Het is hier dat ‘de Poolse loodgieter’ op de proppen komt. Uit het onderzoek van GfK blijkt dat twee derde van de plus-achttienjarigen uit de nieuwe EU-lidstaten de toetreding van hun land tot de Unie ziet als een kans op meer werkgelegenheid… in de oude landen van de EU. ‘Een weekloon in het Westen is nog steeds meer dan een gemiddeld maandloon in de nieuwe lidstaten; die mensen kunnen ook tellen’, zegt Mark Hofmans. ‘Niemand heeft precieze cijfers, maar het is duidelijk dat duizenden Oost- en Centraal-Europese werknemers de stap naar het Westen gezet hebben of dat binnenkort gaan doen. De arbeidsgrenzen zijn momenteel nochtans nog niet helemaal geopend, maar dat maakt niet al te veel uit. Het loonverschil is zo groot dat de Polen en Tsjechen sowieso komen. Momenteel zijn vooral de horeca en de bouw aangestoken, binnen afzienbare tijd zal de software en de technologische sector volgen. Want vergeet niet: de scholing is in die landen van een vrij hoog niveau. West-Europa zal van die braindrain kunnen profiteren, maar niet lang. Want de volgende generatie hoogopgeleiden zal ginder willen blijven, omdat de werkgelegenheid in die landen op middellange termijn geweldig gaat stijgen. De overvloed van goedkope arbeidskrachten mét een degelijke opleiding is de multinationals ook opgevallen. Ik voorspel dat de nieuwe lidstaten zich binnen dit en een decennium economisch op het niveau van Portugal kunnen hijsen. Maar dan krijgen ook zij het erg moeilijk.’

‘De echte lagelonenlanden gaan rond die tijd de grootste groei inpikken.
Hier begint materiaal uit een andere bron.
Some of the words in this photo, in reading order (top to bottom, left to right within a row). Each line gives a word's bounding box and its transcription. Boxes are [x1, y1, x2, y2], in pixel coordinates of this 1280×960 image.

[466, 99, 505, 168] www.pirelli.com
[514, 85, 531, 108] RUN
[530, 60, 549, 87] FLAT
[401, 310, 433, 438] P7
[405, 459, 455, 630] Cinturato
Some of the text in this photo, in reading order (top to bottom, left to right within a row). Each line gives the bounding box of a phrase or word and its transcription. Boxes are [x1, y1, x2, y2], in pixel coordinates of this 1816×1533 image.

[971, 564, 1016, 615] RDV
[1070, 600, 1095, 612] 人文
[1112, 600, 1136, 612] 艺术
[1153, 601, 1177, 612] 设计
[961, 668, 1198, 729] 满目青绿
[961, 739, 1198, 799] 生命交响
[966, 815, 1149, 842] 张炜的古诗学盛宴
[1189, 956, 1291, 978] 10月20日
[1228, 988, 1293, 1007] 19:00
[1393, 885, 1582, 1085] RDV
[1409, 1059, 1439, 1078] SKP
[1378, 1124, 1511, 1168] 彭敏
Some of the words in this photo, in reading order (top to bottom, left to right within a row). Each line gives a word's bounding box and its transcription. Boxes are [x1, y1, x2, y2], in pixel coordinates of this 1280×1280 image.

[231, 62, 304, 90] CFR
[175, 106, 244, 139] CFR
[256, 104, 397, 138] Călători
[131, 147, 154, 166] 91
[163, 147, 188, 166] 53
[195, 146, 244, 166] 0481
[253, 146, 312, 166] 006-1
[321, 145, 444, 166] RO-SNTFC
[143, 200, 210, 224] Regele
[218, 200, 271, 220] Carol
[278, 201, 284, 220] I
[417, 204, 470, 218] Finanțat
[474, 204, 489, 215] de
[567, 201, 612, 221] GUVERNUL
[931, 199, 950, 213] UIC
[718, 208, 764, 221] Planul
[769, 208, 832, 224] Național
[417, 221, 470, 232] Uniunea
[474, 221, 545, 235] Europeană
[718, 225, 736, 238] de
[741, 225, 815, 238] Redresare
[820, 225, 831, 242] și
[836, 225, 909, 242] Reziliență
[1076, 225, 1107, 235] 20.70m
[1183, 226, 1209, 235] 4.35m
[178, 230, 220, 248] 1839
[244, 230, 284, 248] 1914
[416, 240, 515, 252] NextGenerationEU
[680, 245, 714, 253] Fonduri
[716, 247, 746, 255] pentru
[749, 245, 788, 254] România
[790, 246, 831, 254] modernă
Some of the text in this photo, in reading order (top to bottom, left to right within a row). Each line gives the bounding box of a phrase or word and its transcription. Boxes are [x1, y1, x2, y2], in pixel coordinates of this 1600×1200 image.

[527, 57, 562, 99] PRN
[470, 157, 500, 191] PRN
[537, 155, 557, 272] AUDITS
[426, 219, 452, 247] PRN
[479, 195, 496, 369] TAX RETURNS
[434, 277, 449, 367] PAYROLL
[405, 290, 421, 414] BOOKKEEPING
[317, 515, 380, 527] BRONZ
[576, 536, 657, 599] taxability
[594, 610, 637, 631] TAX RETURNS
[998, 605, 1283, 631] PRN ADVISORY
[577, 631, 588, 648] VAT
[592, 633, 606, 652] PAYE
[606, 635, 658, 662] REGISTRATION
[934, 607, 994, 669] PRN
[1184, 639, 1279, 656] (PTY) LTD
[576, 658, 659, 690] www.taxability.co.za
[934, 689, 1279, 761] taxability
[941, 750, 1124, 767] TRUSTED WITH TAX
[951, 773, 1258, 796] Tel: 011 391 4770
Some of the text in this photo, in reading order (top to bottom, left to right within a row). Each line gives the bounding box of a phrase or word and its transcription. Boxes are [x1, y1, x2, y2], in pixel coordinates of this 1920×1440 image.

Dat effect is nu al merkbaar: de bedrijven ontdekken volop de mogelijkheden van Oekraïne en Kazachstan. En de echte hausse van India en China start ook rond die tijd. Ik hoop dat de lidstaten die nu zijn toegetreden tijdig komen om niet vermalen te worden door die goedkope concurrentie. In onze enquête zeggen vier op de tien dat ze menen dat over vijf jaar hun levensstandaard aanzienlijk verbeterd zal zijn. Ik vermoed dat dat klopt. Maar wat komt er daarna?’

GfK Worldwide ondervroeg voor dit onderzoek 9300 respondenten uit de tien nieuwe lidstaten van de EU. De vragenlijst werd face to face afgenomen, behalve in Cyprus en Malta waar telefonisch werd ondervraagd.